#### [What is being asked]
Drop the images; return everything else in the listing below exactly.

#### [Provided records]
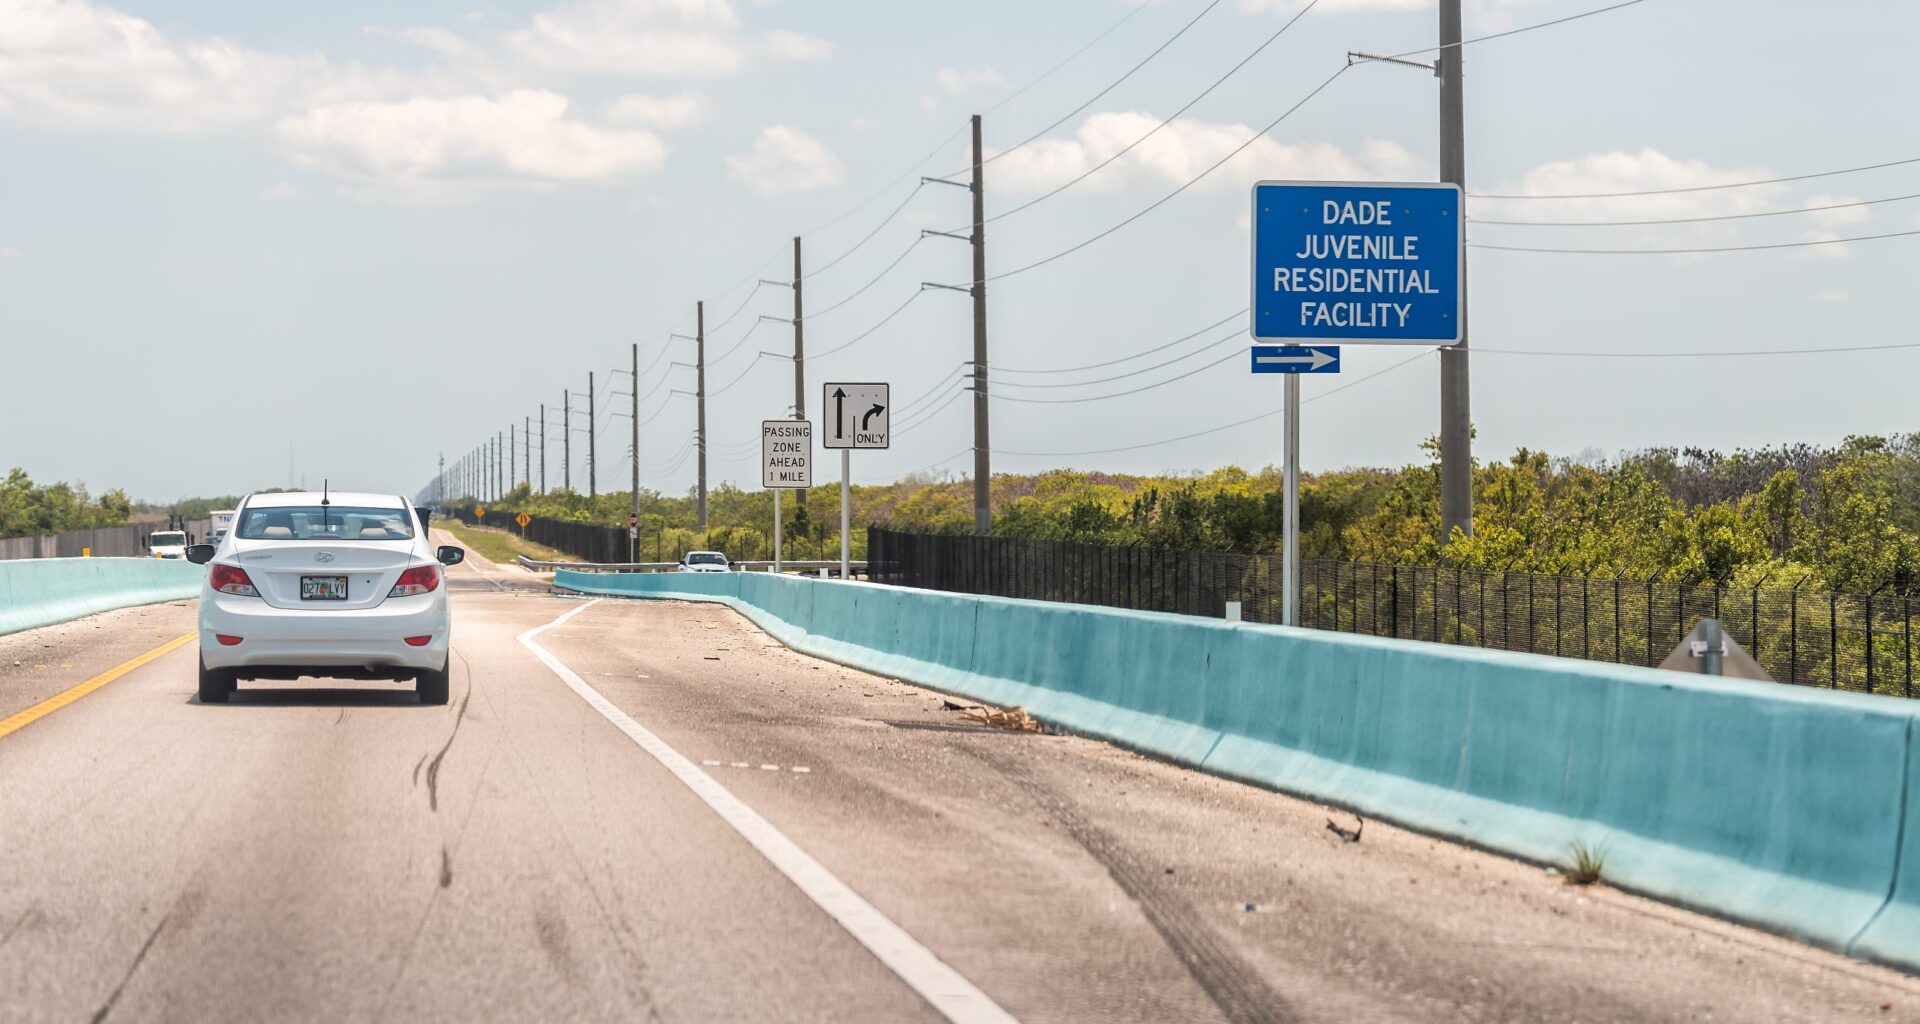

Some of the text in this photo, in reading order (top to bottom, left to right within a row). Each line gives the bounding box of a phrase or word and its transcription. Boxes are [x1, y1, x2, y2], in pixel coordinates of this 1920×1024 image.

[1323, 200, 1392, 225] DADE
[1296, 235, 1419, 260] JUVENILE
[1274, 267, 1439, 294] RESIDENTIAL
[1300, 301, 1412, 327] FACILITY
[764, 427, 810, 437] PASSING
[856, 433, 885, 444] ONLY
[772, 442, 801, 452] ZONE
[769, 457, 805, 467] AHEAD
[769, 472, 805, 482] 1 MILE
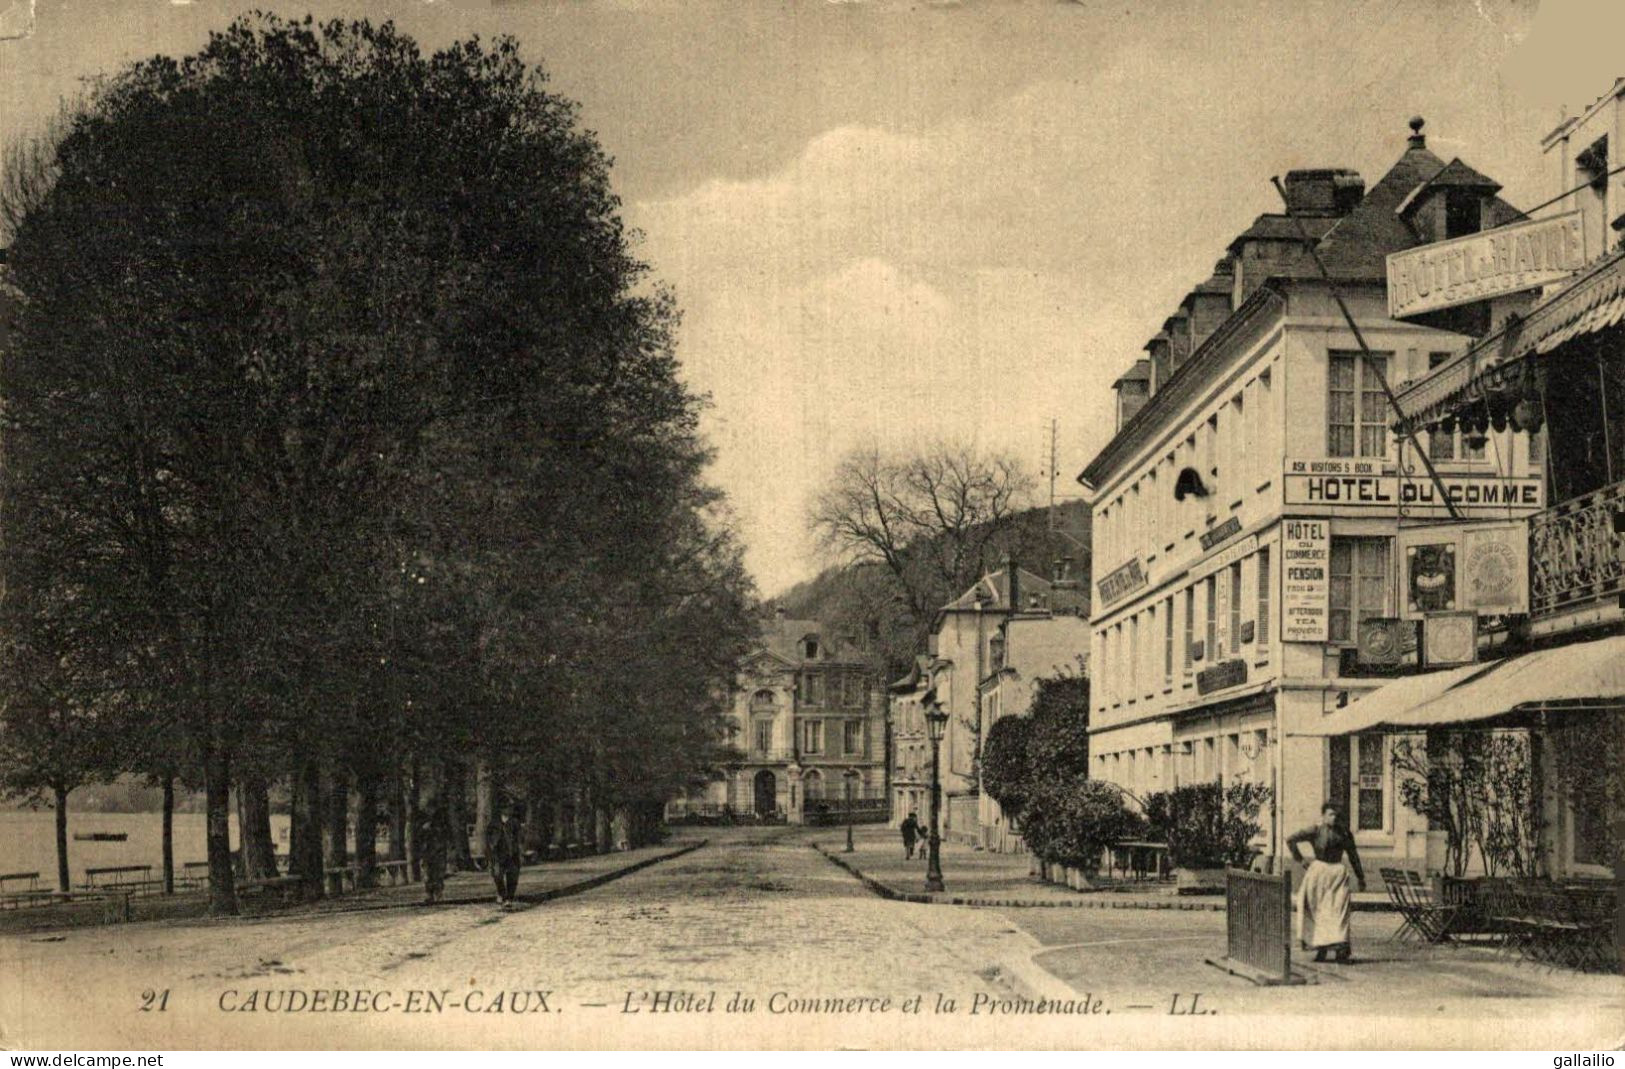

#### [Result for this task]
Some of the text in this photo, in reading order (top to bottom, left to right within a row). Each line gives the bounding box of a phrase or word and its transcription. Boxes are [x1, y1, x2, y2], in pixel coordinates of this 1920×1024 image.

[1323, 200, 1392, 225] DADE
[1296, 235, 1419, 260] JUVENILE
[1274, 267, 1439, 294] RESIDENTIAL
[1300, 301, 1412, 327] FACILITY
[764, 427, 810, 437] PASSING
[856, 433, 885, 444] ONLY
[772, 442, 801, 452] ZONE
[769, 457, 805, 467] AHEAD
[769, 472, 805, 482] 1 MILE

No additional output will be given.